Abstract:
The de facto service architecture of current communication networks is heterogeneous, complex, ad hoc and not very well understood, which is in sharp contrast to the textbook presentations of network architectures. This prevailing situation provides an opportunity to revisit that architectural model and its invariants of communication networks, and to undertake a formal examination of its basic principles. Concentrating on the issues of naming, forwarding and routing, we provide an axiomatic basis for these fundamental concepts, which can then be used for formal analyses as well as for deriving working prototype implementations. What emerges is a new model of computation/communication, based on the notion of abstract switching elements that rewrite and forward messages. We present a "Universal Forwarding Engine", which is expressed in a simple imperative programming model. The algebraic foundations facilitate the development of an axiomatic basis for communication (ABC) presented as an extension of Hoare Logic.

Bio:
Sanjiva Prasad is a Professor of Computer Science at the Indian Institute of Technology Delhi, and also in the Amar Nath and Shashi Khosla School of IT. He received his B Tech in Computer Science from IIT Kanpur in 1985 and his MS and PhD in Computer Science from SUNY, Stony Brook, USA in 1990 and 1991. His thesis, "Towards a symmetric integration of concurrent and functional programming" includes some of the early research in the design and semantics of higher-order concurrent programming languages with mobile code. He worked in the area of program verification at Odyssey Research Associates in Ithaca, USA from 1990-1992, and then at the European Computer-Industry Research Center (ECRC GmbH) in Munich, Germany from 1992-1994, where he worked on the Facile project based on his thesis work. From 1994 he has been at IIT Delhi, first as an assistant professor and then as an associate professor. In 1998-99, he was a visiting associate professor at BRICS, University of Aarhus, Denmark.

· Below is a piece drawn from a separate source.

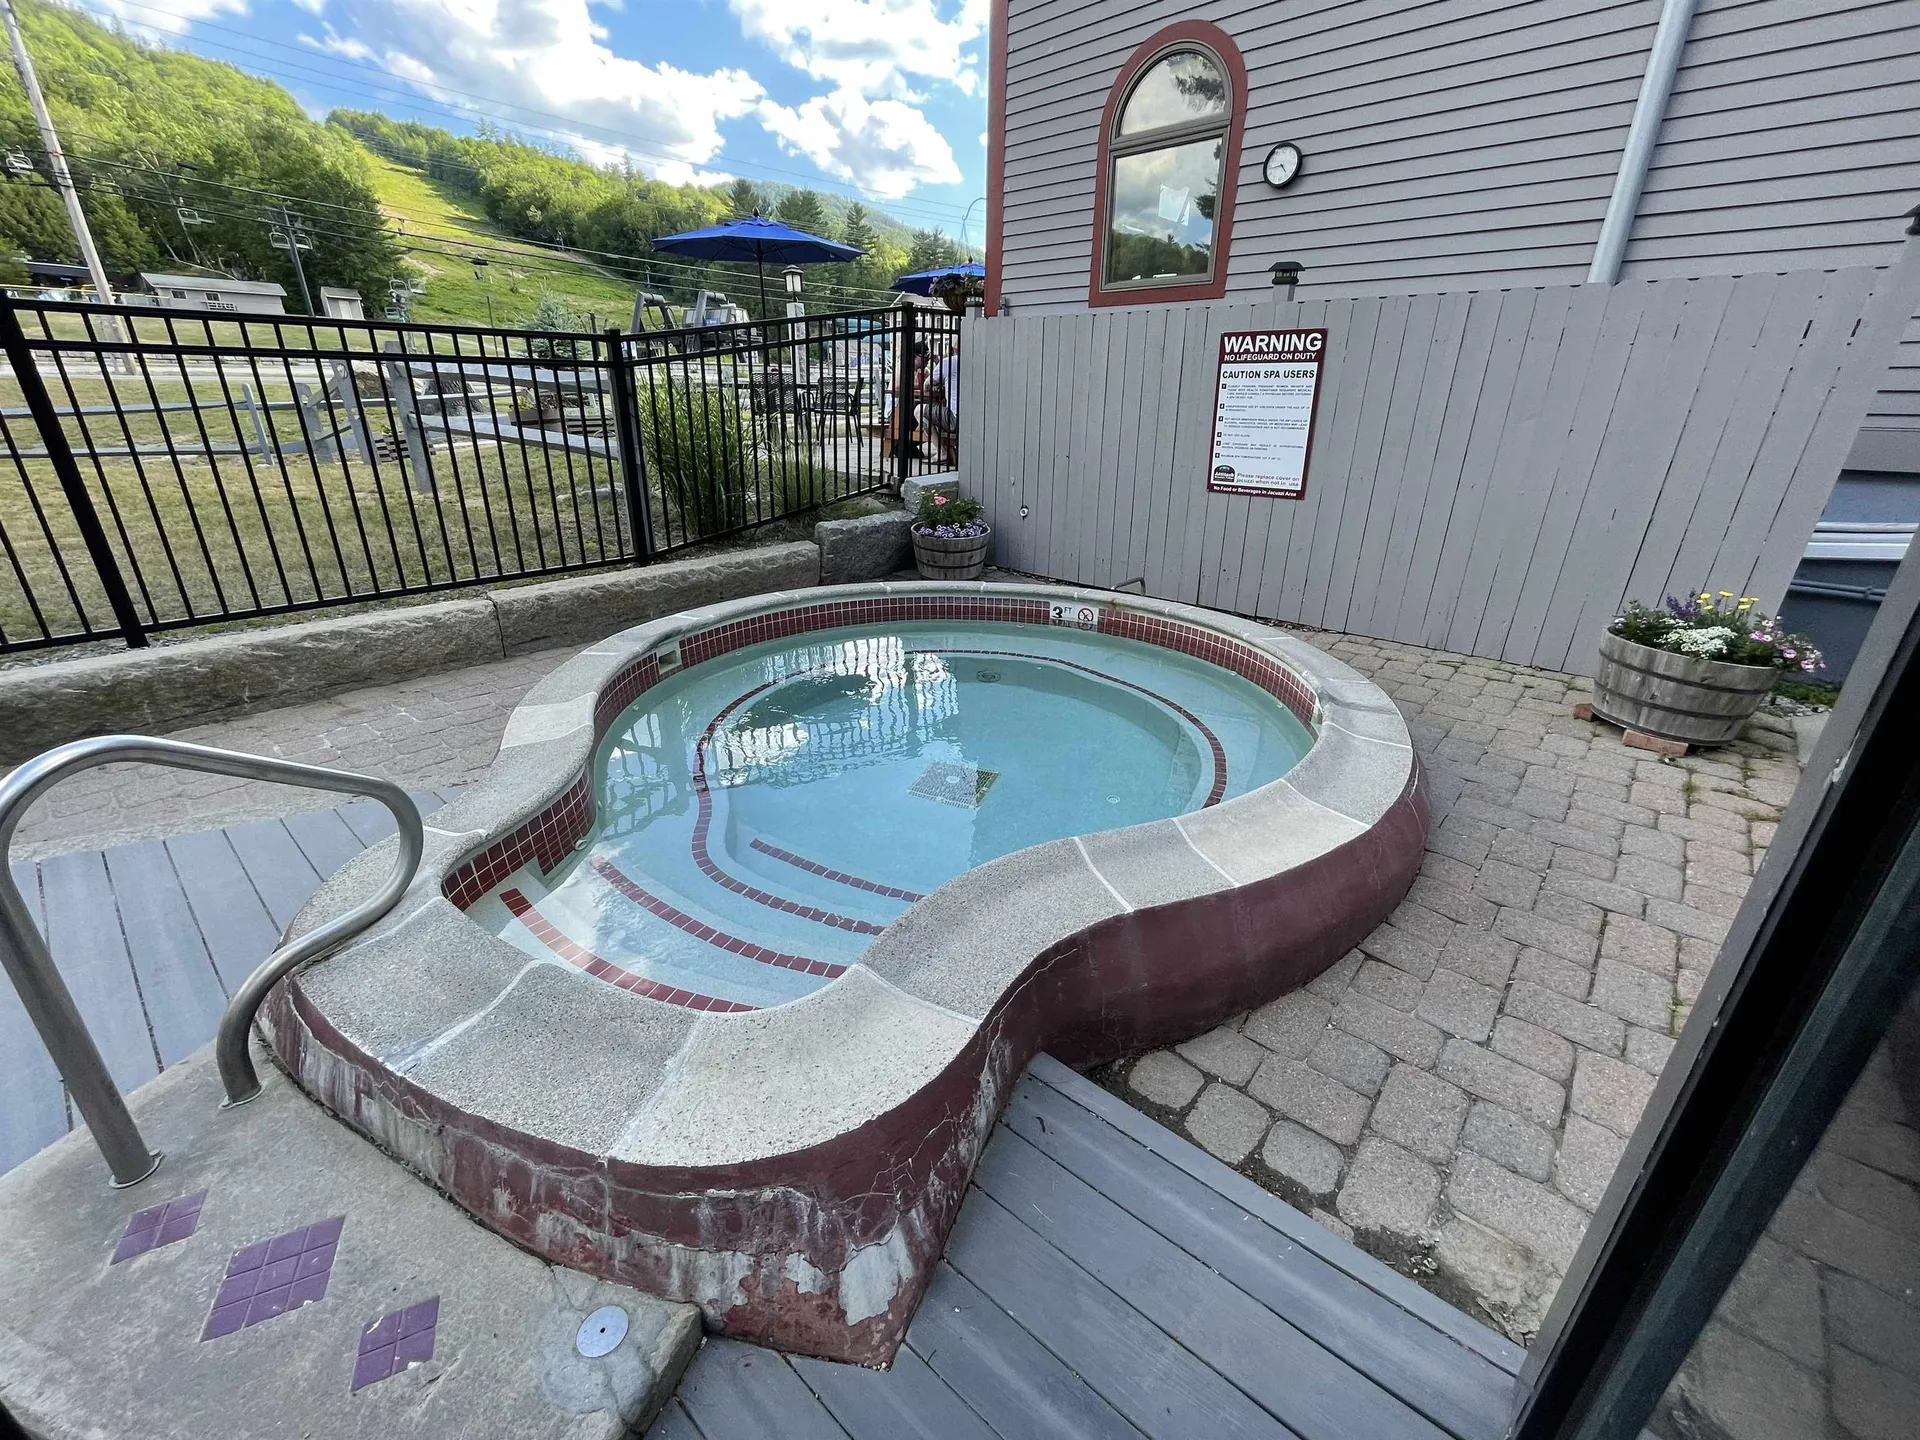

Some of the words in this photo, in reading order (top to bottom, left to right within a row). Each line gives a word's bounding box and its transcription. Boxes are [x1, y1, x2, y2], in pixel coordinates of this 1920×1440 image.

His research interests are primarily in formal methods and programming languages -- in particular, semantics of concurrency, distributed and mobile computation, and verification of network protocols and architectures. Process algebraic approaches to systems biology are a recent interest. He has written several conference and journal papers, and has been an invited speaker at the first DART workshop at Aalborg, Denmark in 1993 and at the first HLCL workshop at the Newton Institute, Cambridge, UK in 1995.

He is a member of the Indian Association for Research in Computer Science and the European Association for Theoretical Computer Science. He has also served on several international conference programme committees (FST TCS, POPL, Fossacs, ASIAN, SEFM, etc.), and as the programme co-chair of FST TCS 2000 and FST TCS 2007.